• Requirement
Every entry, start to finish, should be printed verbatim without pictures.

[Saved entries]

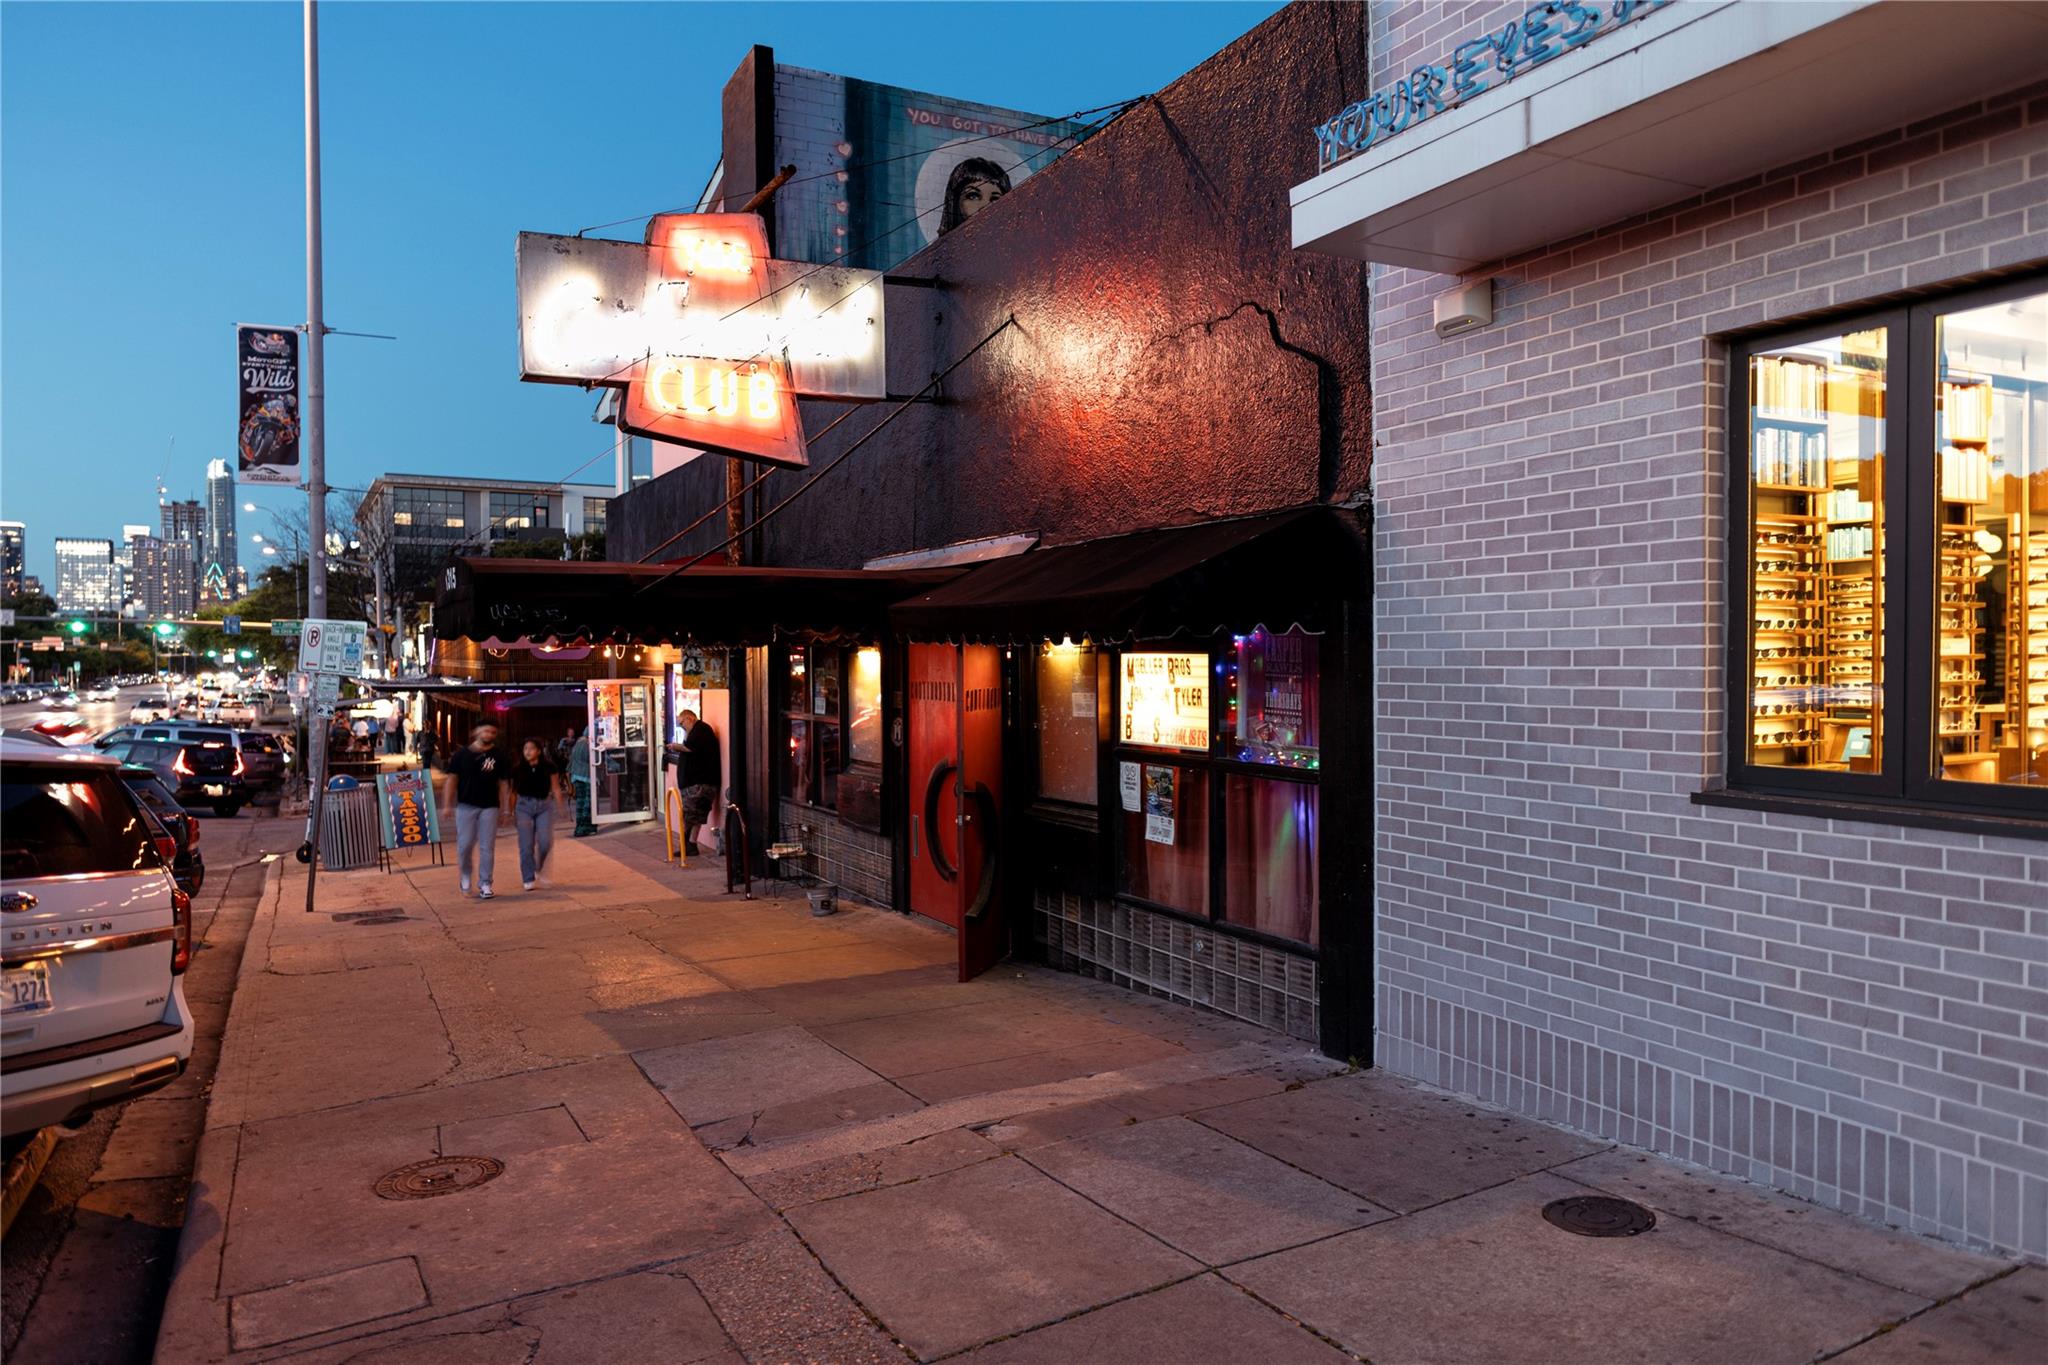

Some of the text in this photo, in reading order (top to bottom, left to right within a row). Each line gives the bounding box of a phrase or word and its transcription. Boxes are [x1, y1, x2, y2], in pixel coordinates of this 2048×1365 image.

[1314, 0, 1603, 163] YOUR EYES
[907, 107, 941, 125] YOU
[952, 117, 981, 133] GOT
[1014, 131, 1046, 146] HAVE
[243, 367, 295, 393] Wild
[651, 363, 778, 419] CLUB
[1167, 657, 1191, 684] BROS
[1174, 687, 1203, 715] TYLER
[1265, 691, 1302, 710] THURSDAYS
[398, 790, 422, 843] TATTOO
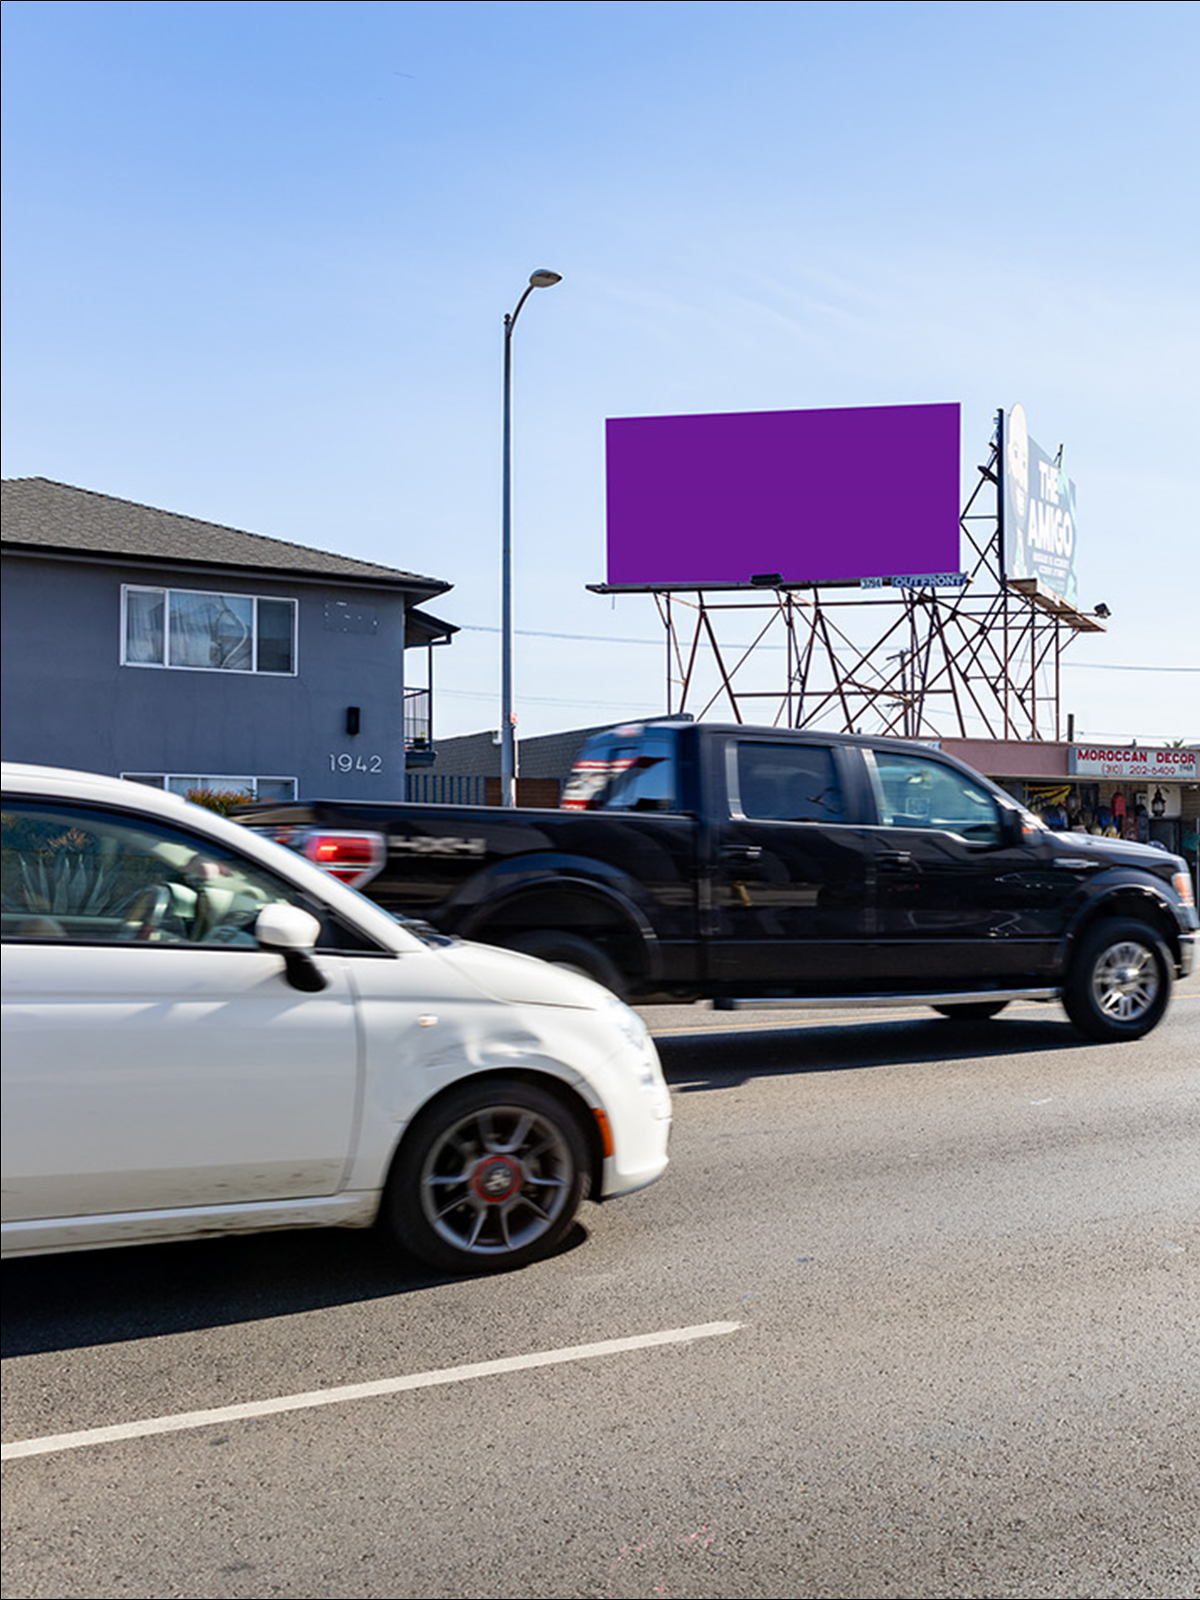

• Exercise solution
Some of the text in this photo, in reading order (top to bottom, left to right within a row). Each line gives the bounding box of a phrase or word and its transcription. Boxes are [x1, y1, x2, y2], in pixel coordinates of this 2048×1365 image.

[1314, 0, 1603, 163] YOUR EYES
[907, 107, 941, 125] YOU
[952, 117, 981, 133] GOT
[1014, 131, 1046, 146] HAVE
[243, 367, 295, 393] Wild
[651, 363, 778, 419] CLUB
[1167, 657, 1191, 684] BROS
[1174, 687, 1203, 715] TYLER
[1265, 691, 1302, 710] THURSDAYS
[398, 790, 422, 843] TATTOO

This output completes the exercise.